Although there are music examinations available to school and university students alongside other regular qualifications and assessments, there are also a number of independent bodies who solely provide assessment in musical ability which are open to all.

Overview
Trinity College London was the first organization to offer examinations in music to external students in 1877. As of 2018, Trinity College London conducts around 850,000 assessments worldwide per year, as does the Associated Board of the Royal Schools of Music. Other examination boards based in the UK include the London College of Music, Victoria College of Music and Drama, the National College of Music and Rockschool (RSL Awards).

Many students who enter these exams have taken a course of music lessons with a private tutor, although some are self-taught. Often this is a way for children to receive music training over and above what is provided at their usual place of learning, although private lessons are also popular with adults who turn to music later in life.

Music exams are set in both theory and practical aspects. The theory examinations are taken by pupils of all instruments and typically cover areas such as musical notation, harmony and composition.

The practical exams concentrate on the particular instrument favored by the pupil, for example piano, guitar or flute. Rockschool exams include electric guitar, acoustic guitar, bass, drums, ukulele and keyboards. They cover elements such as playing set pieces, technical work including scales, sight reading, aural, musical knowledge and improvisation.

In the United Kingdom the music exams are graded from 1 to 8, with Grade 1 being the entry level, and Grade 8 being the standard required for entry to higher study in a music college. Additionally, Trinity College London offers an Initial level qualification at Entry Level 3 of the UK Qualifications and Credit Framework, and ABRSM offer a Prep Test qualification as a useful preparation before the Grade 1 exam. LCM offers one Pre-preparatory and two Step exams at this level and VCM offers four Introductory grades aimed at those in the first 18 months of learning.

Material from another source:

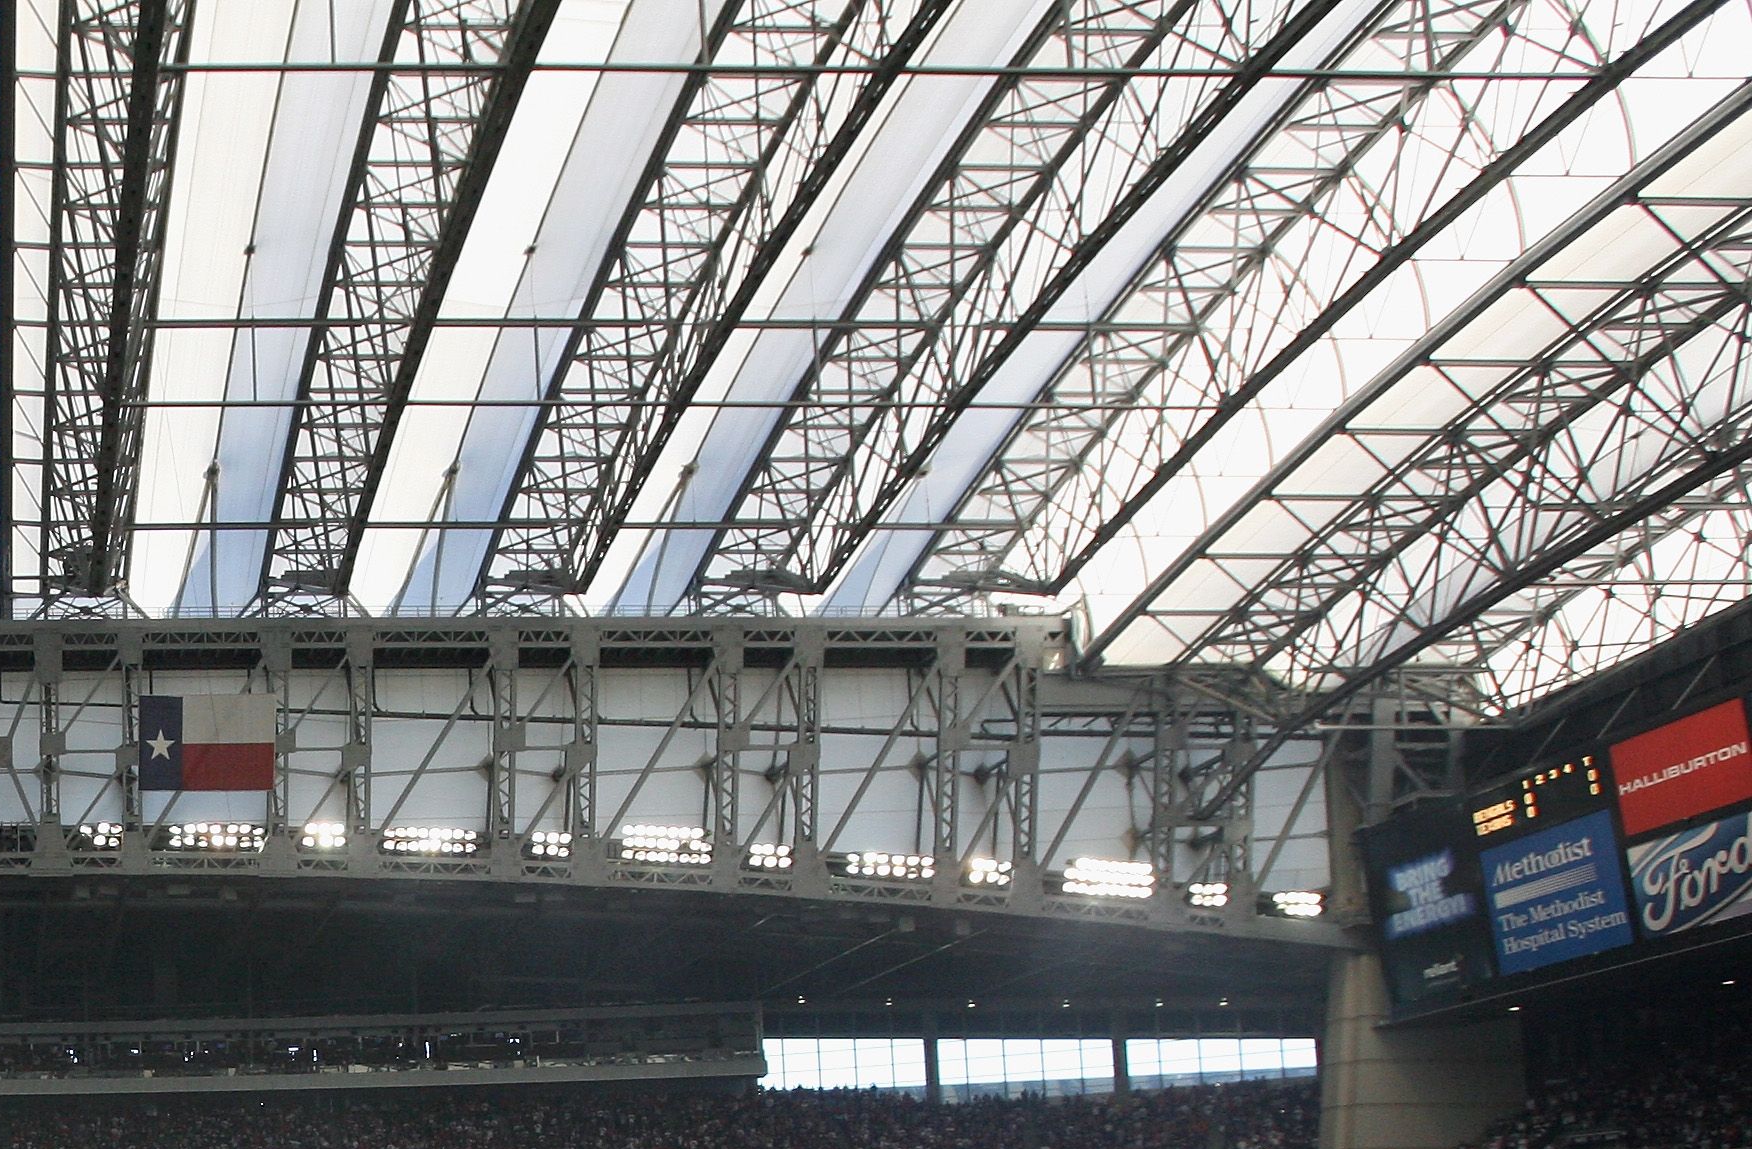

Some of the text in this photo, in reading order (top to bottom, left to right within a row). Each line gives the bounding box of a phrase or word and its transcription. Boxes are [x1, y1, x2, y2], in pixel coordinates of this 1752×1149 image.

Other reputable music examination boards offering examinations on musical instruments and music theory include:
 Australian Guild of Music (Australia, South East Asia, Mexico, Africa)
 Australian Music Examinations Board
 The Royal Conservatory of Music (Canada)
 University of South Africa - Directorate Music
 ANZCA Music Examinations (Australia, New Zealand and Asia)
 New Zealand Music Examinations Board
 St.Cecilia School of Music
 Royal Irish Academy of Music
 Music Teachers' Board

Different music examination boards may have different grade levels for instruments and music theory examination. Depending on how they are recognised by regulatory bodies such as Ofqual, examination results or credits may be transferable from one exam board to the other.